Chapter 6 Part 2: Ketergantungan Bersama


 Ichigo mengemudikan mobilnya di bawah batas kecepatan untuk menuju ke tujuan yang ditunjukkan oleh fungsi navigasi di ponselnya.

 Itu ternyata jauh.

 Sekali lagi, dia memikirkan lokasi Luna saat ini dan lokasi di mana dia telah menetapkan dengan sementara tujuan yang sangat berjauhan.

 “…Seberapa jauh dia berjalan sejak tadi malam?”

 Gigi belakangnya terkatup dan rasa sakit yang tumpul merembes ke rahangnya.  Semakin dia memikirkannya, semakin pikirannya berbisik dan kata-kata itu menjadi semakin keras.
 
 Tentu saja, itu sama sekali bukan perasaan kesal terhadap Luna.

 Itu adalah sebuah kemarahan terhadap dirinya sendiri.

 Ichigo bertanya-tanya mengapa dia bertindak tidak seperti biasanya tadi malam.
 
 Kenapa aku tidak segera mengejarnya?

 Kenapa aku tidak segera meneleponnya saat itu juga?

 Mengapa aku membuang-buang waktuku dengan mengambil tindakan tergesa-gesa seperti pergi ke apartemen di pagi hari untuk memeriksanya, atau mencoba pergi ke sekolahnya lebih dulu?

 Dia sangat marah pada dirinya sendiri karena begitu menyedihkan.

 Didorong oleh amarahnya, Ichigo menginjak pedal gas dan terus mengemudikan mobilnya.

 Dia bertanya-tanya sudah berapa lama dia mengemudi.

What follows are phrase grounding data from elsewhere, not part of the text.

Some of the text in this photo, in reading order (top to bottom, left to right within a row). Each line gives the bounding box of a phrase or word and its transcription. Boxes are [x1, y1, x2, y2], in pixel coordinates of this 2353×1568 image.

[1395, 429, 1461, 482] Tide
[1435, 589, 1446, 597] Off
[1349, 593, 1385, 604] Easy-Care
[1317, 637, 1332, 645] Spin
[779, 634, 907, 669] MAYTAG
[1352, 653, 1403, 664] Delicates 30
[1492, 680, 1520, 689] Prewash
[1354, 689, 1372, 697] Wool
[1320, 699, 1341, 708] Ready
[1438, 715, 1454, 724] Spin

 Jauh dari pusat kota, fasilitas perkotaan dan pemandangan berangsur-angsur menghilang – Dia akhirnya tiba di sebuah jalan di pegunungan yang remang-remang yang tidak dapat diidentifikasi di mana pun.
 
 Meskipun hari masih siang, dia bisa mengetahui dari dalam mobil bahwa dedaunan yang lebat membuatnya redup seperti senja dan suasananya lembab dan basah.

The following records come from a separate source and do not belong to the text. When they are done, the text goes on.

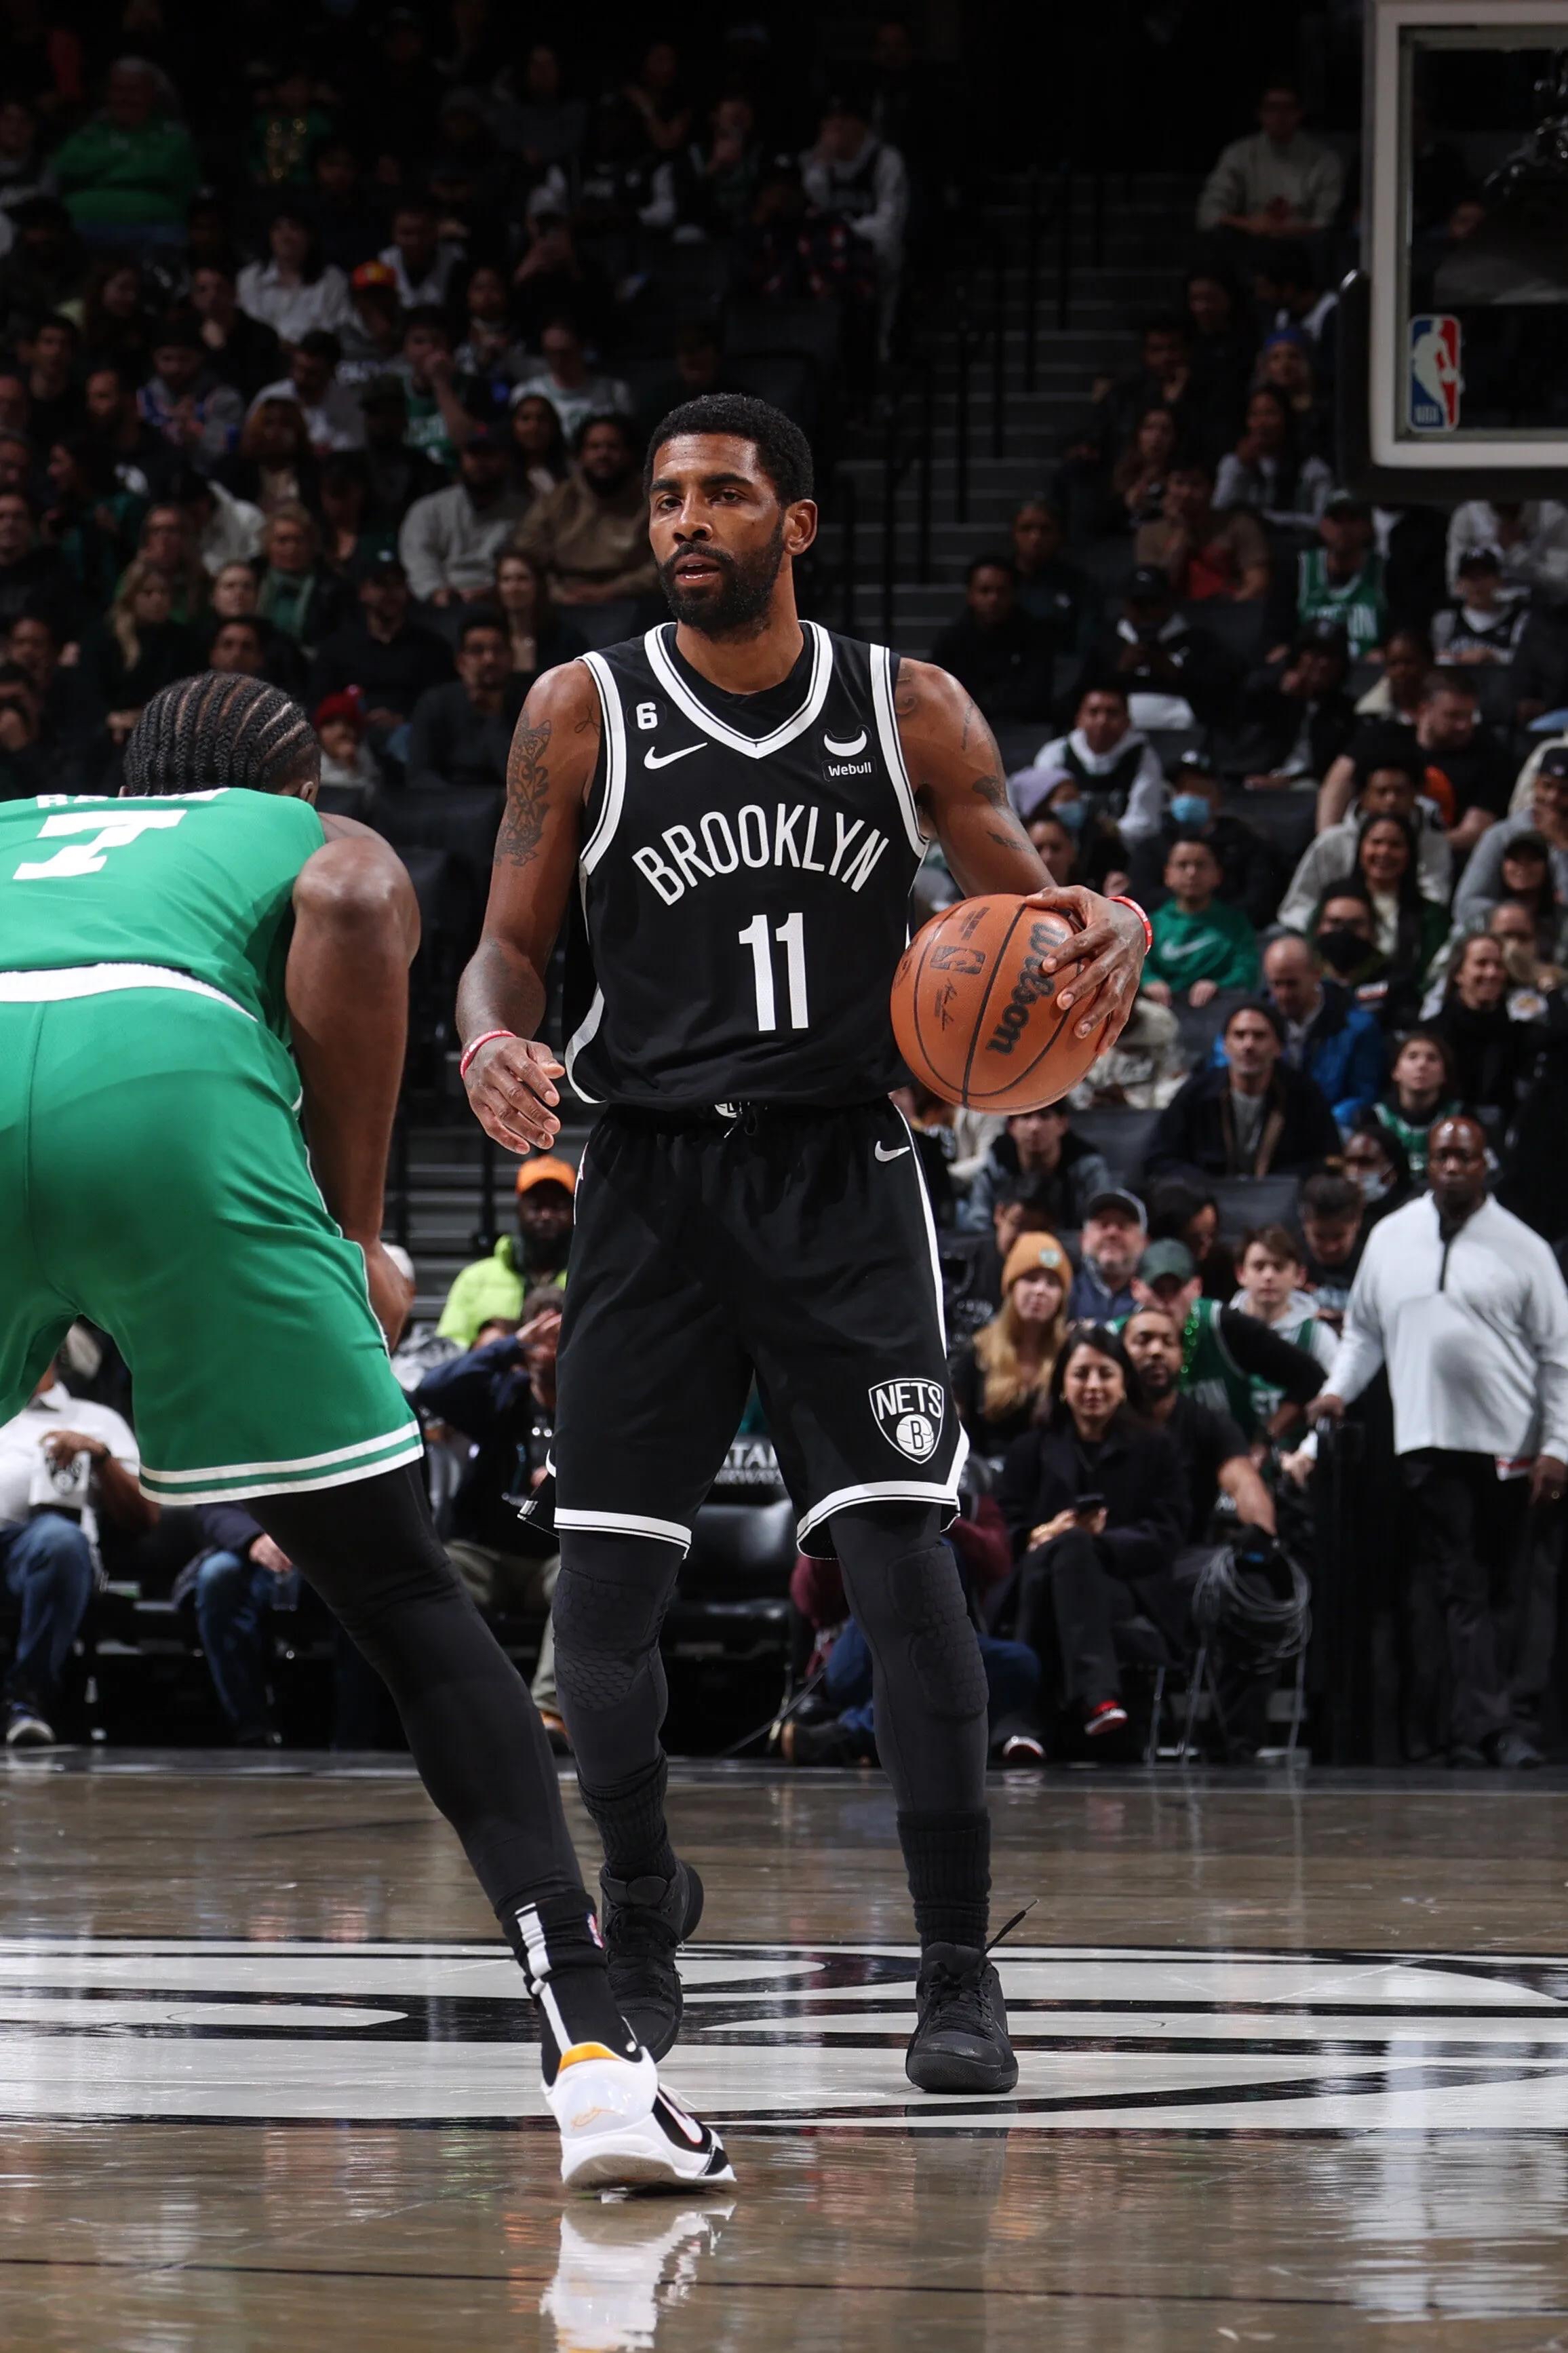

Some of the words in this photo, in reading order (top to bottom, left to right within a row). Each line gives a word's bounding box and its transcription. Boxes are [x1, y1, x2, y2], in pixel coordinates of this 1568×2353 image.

[636, 702, 658, 730] 6
[828, 762, 871, 777] Webull
[12, 810, 187, 880] 7
[631, 803, 890, 906] BROOKLYN
[739, 912, 809, 1031] 11
[876, 1382, 942, 1420] NETS
[910, 1420, 924, 1450] B

 Tidak ada satu orang pun yang terlihat.

 Suara kepakan sayap serangga terdengar dan sesekali, ada seekor binatang buas yang tidak dapat dikenali akan melintas di depan mobil dengan kecepatan tinggi.
  
 Ini bisa di bilang seperti pedesaan.

 Itu bukan tempat yang bisa dijangkau oleh seorang gadis SMA dengan berjalan kaki.

 '...Mungkin dia bisa sampai di sini dengan menggunakan beberapa jenis transportasi.'
 
 Ichigo terus mengemudi di sepanjang jalan pegunungan yang berkelok-kelok, memperkecil jarak dan perkiraan waktu yang ditampilkan pada peta di layar ponselnya.

 Pada akhirnya,

 "…Di sana."

 Mengemudi dalam perjalanannya, di aspal yang dipenuhi dedaunan dan buah beri, Ichigo menemukan seorang gadis berjongkok dengan punggung bersandar pada pagar pembatas jalan untuk mencegah tubuhnya terjatuh.

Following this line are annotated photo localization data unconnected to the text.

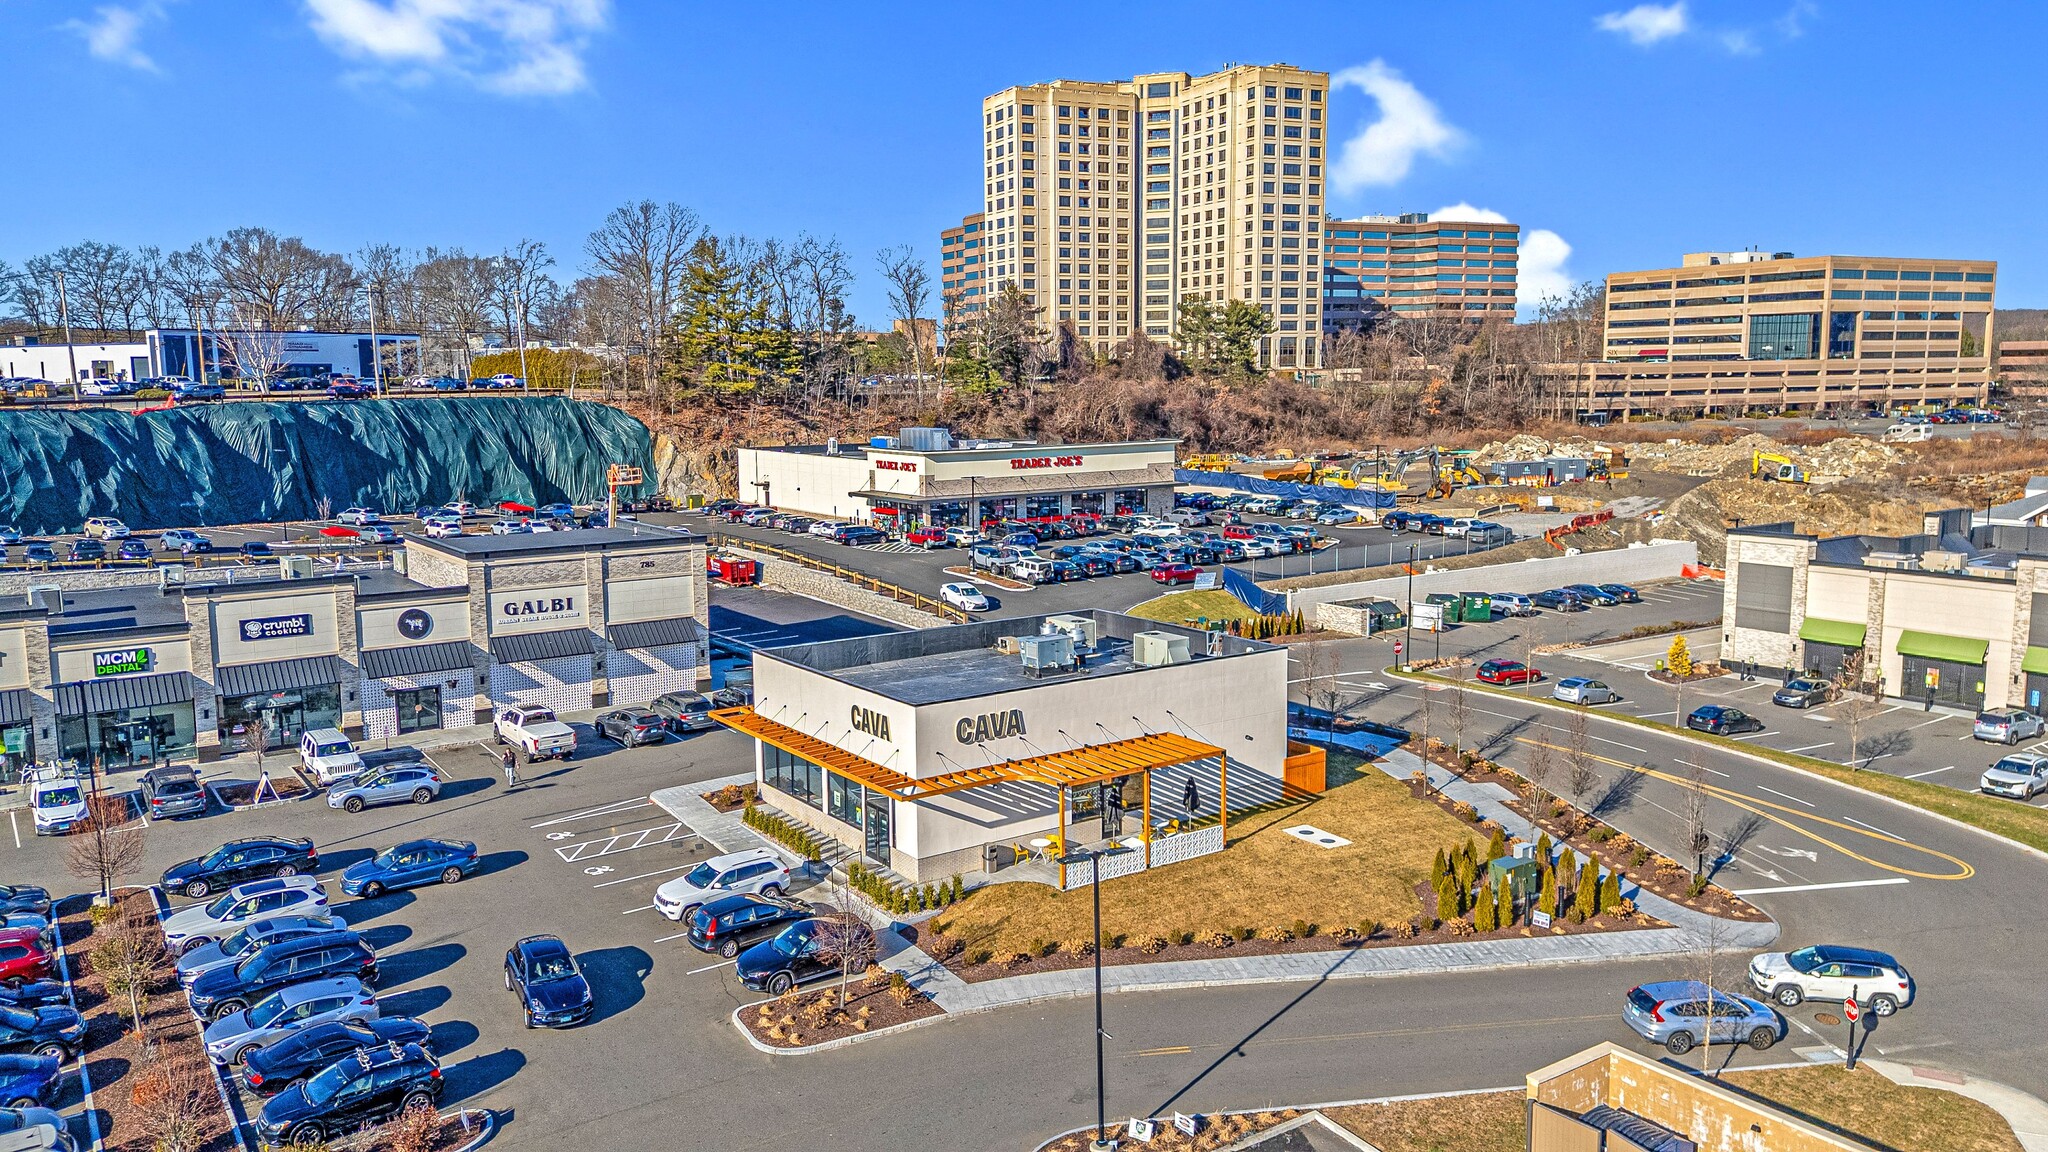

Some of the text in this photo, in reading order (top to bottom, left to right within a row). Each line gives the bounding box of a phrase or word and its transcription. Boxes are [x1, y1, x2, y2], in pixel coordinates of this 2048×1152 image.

[876, 460, 917, 472] TRADER JOE'S
[1010, 455, 1083, 469] TRADER JOE'S
[503, 597, 574, 615] GALBI
[263, 617, 305, 630] crumbl
[265, 627, 304, 636] cookies
[96, 651, 136, 665] MCM
[97, 663, 142, 674] DENTAL
[851, 704, 892, 743] CAVA
[956, 709, 1027, 745] CAVA
[1845, 1003, 1858, 1016] STOP

 Rambut hitamnya yang berkilau itu – membuat Ichigo tahu bahwa itu adalah Luna.

 Tadi malam, dan pagi ini seharusnya, Ichigo melihatnya mengenakan seragam yang sudah dikenalnya.

 Dia masih berpakaian seperti kemarin.

 Ichigo memperlambat mobilnya dan berhenti di depannya.  Luna memperhatikan ini dan berdiri dengan gusar.

 Wajah gadis itu terlihat pucat.  Dia diselimuti oleh warna tanah dan Ichigo bisa tahu hanya dengan melihatnya bahwa dia sudah kelelahan baik secara fisik maupun mental.
 
 Tetapi tetal saja, setelah melihat wajahnya, Ichigo merasa lega.

 Entah bagaimana, Luna berhasil melindungi dirinya sendiri.

  “Kugiyama-san…”

 Ketika dia memarkirkan mobilnya dan keluar dari mobil, Luna segera memanggil namanya dengan wajah menangis.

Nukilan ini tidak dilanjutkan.